SAN DIEGO — Federal officials Wednesday announced the results of an investigation that led to the discovery of what is believed to be one of California’s longest cross-border tunnels and the seizure of a record quantity of cocaine thought to have been smuggled through that underground passage.
The tunnel, estimated to be more than 800 yards in length, stretches from a house in Tijuana, Mexico, to a fenced commercial lot in the Otay Mesa area, about 500 yards north of the international border. The tunnel’s exit on the U.S. side is a 3-foot hole that at one point was covered by an industrial-sized dumpster. The passageway is equipped with rail and ventilation systems, lights, and a sophisticated elevator that leads from the tunnel into a closet inside the Tijuana residence.
Six people were arrested in San Diego Friday and charged by federal complaint with various drug trafficking and tunnel-related charges, including conspiracy to import and distribute cocaine and conspiracy to use a border tunnel. The defendants include Martiniano Garcia-Sedano; Cruz Armando Parra Corrales; Alejandro Bravo; Juan Carlos Chavez Fabian; Alejandro Gomez-Baez; and Osmel Martinez. They were arraigned in federal court and remain in custody pending detention hearings.
“On the surface, few would ever suspect that traffickers were moving multi-ton quantities of cocaine and marijuana worth tens of millions of dollars in such an unassuming way, through this rabbit hole in the ground, in full view of the world around it,” said U.S. Attorney Laura Duffy. “However, we can thank the hyper-vigilant agents who work this area for seeing what many of us would have missed. They don't judge a book by its cover. Whether a grandiose super tunnel or a humble rabbit hole, they home in and are prepared to take whatever action is necessary to secure our border.”
On April 12, agents saw a white commercial truck deliver a large dumpster to a lot in Otay Mesa on Marconi Drive and Enrico Fermi Drive. The agents watched the truck back up and, with direction from some of the defendants, drop the dumpster over the area where the hole that served as the tunnel’s U.S. entrance was later found.
The next day, federal agents saw two people cover the dumpster with a tarp. Ten minutes later, a forklift removed stacks of wooden pallets from in front of the dumpster. Agents watched as defendant Cruz Armando Parra Corrales got down on the ground on his stomach with his face close to the bottom of the dumpster, apparently communicating with someone inside the dumpster or inside a tunnel beneath the dumpster.

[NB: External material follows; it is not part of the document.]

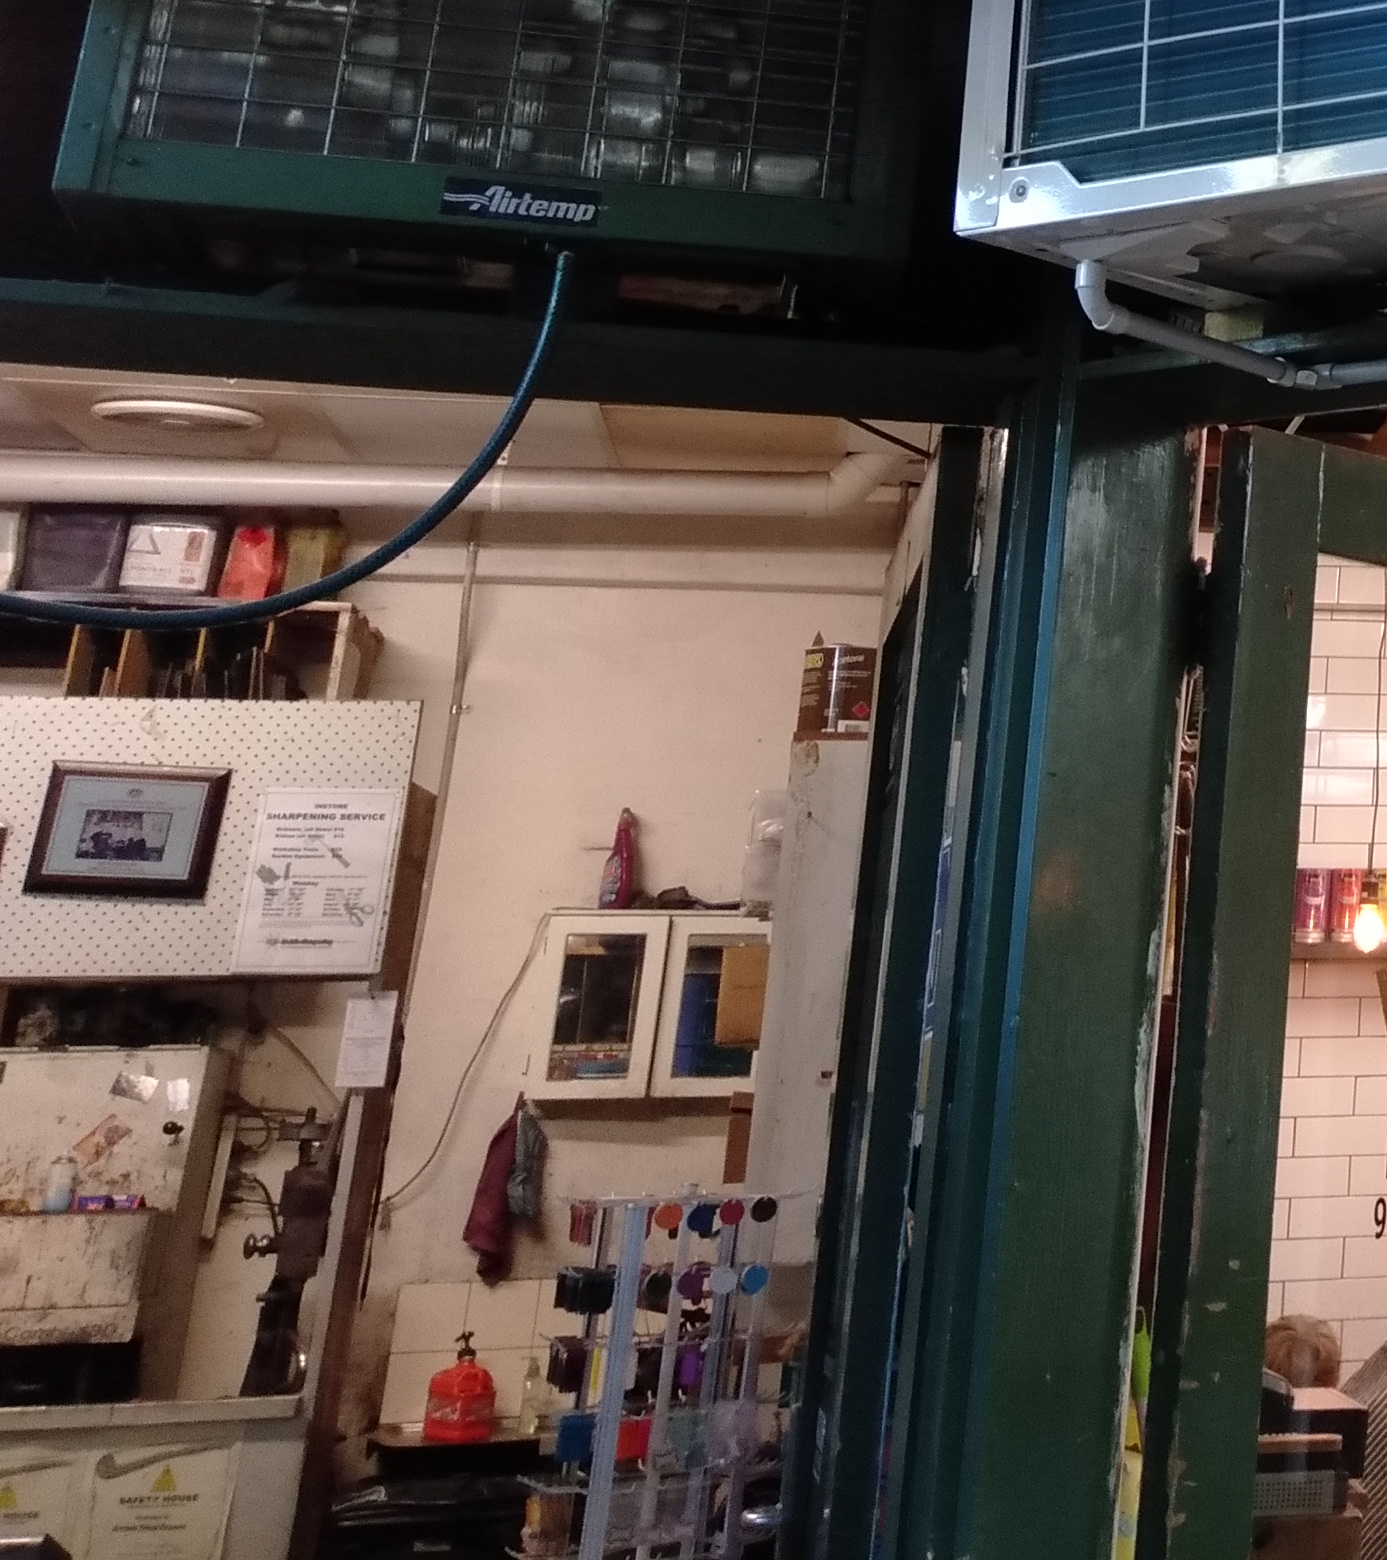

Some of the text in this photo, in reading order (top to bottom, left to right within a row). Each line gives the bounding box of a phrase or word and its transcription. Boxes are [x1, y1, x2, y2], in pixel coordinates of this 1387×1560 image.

[467, 185, 597, 222] Airtemp
[266, 813, 386, 821] SHARPENING SERVICE

A short time later, the truck loaded up the dumpster and transported it to another parking lot on Imperial Avenue near 30th Street, where it was unloaded. A second large box truck backed up next to the dumpster with its cargo door open. Agents conducting surveillance watched as the defendants placed a tarp between the dumpster and box truck, and then moved back and forth between them. A couple of hours later, the box truck drove out of the parking lot. San Diego County sheriff’s deputies stopped the truck and discovered 2,242 pounds of cocaine and 11,030 pounds of marijuana inside.
Subsequently, federal agents obtained warrants to search the industrial lot where they confirmed the tunnel’s U.S. exit. Inside the passageway, they discovered 68 bales of marijuana weighing more than 1,600 pounds. The exit was found at the exact location where agents had previously observed the defendants unload the dumpster from the roll-off truck. Agents also found an additional 1,430 pounds of marijuana in the dumpster. All told, authorities seized 2,242 pounds of cocaine and more than 14,000 pounds of marijuana.
“We know that drug trafficking organizations are using any and all means to get their contraband across the US/Mexican Border,” said DEA San Diego Special Agent in Charge William R. Sherman. “Historically, seizures from drug tunnels have been marijuana and small amounts of cocaine. A 2,000 pound cocaine seizure tells DEA and our law enforcement partners that these groups are having to resort to unsophisticated tunnels to try and push through what amounts to a $22 million loss just in cocaine alone. This loss is a devastating blow even to an established drug trafficking organization.”
“Because of the collaboration of the agencies involved in this investigation, a serious blow was dealt to the criminal organization responsible for this threat,” said Chief Patrol Agent Richard A. Barlow, U.S. Border Patrol, San Diego Sector. “I applaud the men and women who worked tirelessly to stop the flow of dangerous narcotics through this tunnel and thank them for their continued efforts to protect the citizens we serve.”
“This case is a strong reminder of the vulnerabilities that exist along the Southwest border,” said Hunter Davis, director of Air Operations for U.S. Customs and Border Protection, Air and Marine Operations, “Drug trafficking organizations continue to jeopardize our National Security in exchange for profit.”
The tunnel dismantled in Otay Mesa is the 13th large-scale operational smuggling tunnel discovered along the California border since 2006. In the last five years, federal authorities have detected more than 75 cross-border smuggling tunnels, most of them in California and Arizona.